Immune escape in chronic leukemia

Abstract

Reactive oxygen species (ROS) are produced by myeloid cells as a mechanism of defense against infection, but also to resolve inflammation, as ROS can induce cell death in T cells and NK cells. ROS production may also be deployed as a mechanism by which myeloid cells suppress anti-leukemic lymphocytes to promote malignant progression. The aim of this thesis was to define the role of myeloid cell-derived ROS in chronic leukemias as a putative target of immunotherapy. In paper I, the transductional pathways leading to ROS-induced lymphocyte death were investigated and found to involve the ERK1/2 mitogen-activated protein kinase (MAPK). These results challenge the view of ROS-induced cell death being a direct consequence of ROS-inflicted DNA damage. Papers II and III demonstrate that anti-CD20 monoclonal antibodies (mAbs) triggered ROS production by monocytes and neutrophils, which translated into reduced NK cell-mediated antibody-dependent cytotoxicity (ADCC) towards autologous leukemic cells derived from patients with chronic lymphocytic leukemia (CLL).
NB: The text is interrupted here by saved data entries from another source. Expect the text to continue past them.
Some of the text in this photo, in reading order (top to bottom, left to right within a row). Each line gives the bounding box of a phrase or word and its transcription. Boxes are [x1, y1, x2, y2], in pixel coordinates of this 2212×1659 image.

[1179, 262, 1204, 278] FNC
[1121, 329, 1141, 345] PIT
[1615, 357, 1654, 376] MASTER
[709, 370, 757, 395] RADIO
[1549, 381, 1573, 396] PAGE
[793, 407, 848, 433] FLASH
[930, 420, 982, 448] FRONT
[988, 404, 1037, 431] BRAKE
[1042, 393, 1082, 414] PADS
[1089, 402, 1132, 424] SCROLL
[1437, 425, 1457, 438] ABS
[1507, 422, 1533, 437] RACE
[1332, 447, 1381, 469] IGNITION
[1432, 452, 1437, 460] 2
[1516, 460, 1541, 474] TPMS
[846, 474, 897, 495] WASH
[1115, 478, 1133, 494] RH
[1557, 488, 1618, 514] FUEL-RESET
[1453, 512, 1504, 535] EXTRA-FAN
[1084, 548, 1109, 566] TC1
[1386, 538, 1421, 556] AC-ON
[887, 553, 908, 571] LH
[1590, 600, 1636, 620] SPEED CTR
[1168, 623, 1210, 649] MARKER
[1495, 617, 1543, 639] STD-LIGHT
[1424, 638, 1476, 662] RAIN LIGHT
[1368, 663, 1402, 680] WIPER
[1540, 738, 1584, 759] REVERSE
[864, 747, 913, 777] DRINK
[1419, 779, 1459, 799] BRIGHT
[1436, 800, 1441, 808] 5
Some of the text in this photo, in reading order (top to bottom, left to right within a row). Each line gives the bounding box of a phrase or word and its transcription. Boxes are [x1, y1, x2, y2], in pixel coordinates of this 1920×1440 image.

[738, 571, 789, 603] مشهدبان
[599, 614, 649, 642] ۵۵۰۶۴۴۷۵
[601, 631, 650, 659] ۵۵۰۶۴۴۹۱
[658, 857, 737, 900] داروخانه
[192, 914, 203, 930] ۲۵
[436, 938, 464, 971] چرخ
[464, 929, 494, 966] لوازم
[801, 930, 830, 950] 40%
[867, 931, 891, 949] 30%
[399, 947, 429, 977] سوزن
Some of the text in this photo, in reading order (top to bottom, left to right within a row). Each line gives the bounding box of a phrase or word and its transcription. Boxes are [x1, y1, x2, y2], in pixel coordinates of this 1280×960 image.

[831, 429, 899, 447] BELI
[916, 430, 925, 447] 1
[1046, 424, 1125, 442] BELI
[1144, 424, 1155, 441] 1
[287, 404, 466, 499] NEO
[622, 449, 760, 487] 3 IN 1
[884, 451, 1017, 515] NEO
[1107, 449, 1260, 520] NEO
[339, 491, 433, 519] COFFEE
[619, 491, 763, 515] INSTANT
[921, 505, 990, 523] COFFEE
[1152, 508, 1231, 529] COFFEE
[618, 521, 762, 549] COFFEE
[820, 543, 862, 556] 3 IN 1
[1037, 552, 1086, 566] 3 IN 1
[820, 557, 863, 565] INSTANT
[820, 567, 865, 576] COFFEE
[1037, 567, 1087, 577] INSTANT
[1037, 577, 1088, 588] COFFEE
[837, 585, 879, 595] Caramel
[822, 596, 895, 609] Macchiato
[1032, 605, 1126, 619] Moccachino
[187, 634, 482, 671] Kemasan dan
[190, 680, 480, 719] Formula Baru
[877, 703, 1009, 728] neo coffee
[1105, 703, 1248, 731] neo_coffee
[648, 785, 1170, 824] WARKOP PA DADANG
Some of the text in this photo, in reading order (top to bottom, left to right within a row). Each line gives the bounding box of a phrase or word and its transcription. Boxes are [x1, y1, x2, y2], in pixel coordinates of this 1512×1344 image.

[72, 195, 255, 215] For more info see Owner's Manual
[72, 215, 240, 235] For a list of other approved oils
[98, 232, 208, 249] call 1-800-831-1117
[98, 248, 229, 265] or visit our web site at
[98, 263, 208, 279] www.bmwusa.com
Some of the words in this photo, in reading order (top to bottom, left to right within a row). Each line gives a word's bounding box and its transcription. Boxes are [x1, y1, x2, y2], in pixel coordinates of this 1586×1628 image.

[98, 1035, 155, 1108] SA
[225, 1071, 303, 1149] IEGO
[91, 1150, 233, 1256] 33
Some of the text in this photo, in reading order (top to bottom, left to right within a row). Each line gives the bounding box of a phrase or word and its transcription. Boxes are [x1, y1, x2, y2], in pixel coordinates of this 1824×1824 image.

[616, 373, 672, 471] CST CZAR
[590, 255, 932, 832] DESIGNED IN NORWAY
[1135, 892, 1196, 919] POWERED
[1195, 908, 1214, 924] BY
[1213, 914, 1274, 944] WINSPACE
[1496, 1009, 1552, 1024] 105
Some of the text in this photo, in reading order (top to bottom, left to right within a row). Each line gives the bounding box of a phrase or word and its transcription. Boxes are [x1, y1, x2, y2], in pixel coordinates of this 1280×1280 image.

The anti-oxidative agent histamine dihydrochloride (HDC) was found to restore ADCC by preventing ROS formation from adjacent monocytes, suggesting that anti-oxidative therapy might increase the efficacy of therapeutic mAbs. In paper IV, monocytic leukemic cells obtained from patients with chronic myelomonocytic leukemia (CMML) were shown to suppress T cells and NK cells by producing ROS. HDC counter-acted the suppression of lymphocytes by preventing ROS formation, and augmented the anti-leukemic activity of NK cells. Collectively, these results suggest that myeloid cell-derived ROS may be operational in CLL and in CMML as a mechanism of immune escape and that immunotherapy by anti-oxidative intervention should be further investigated in these forms of chronic leukemia.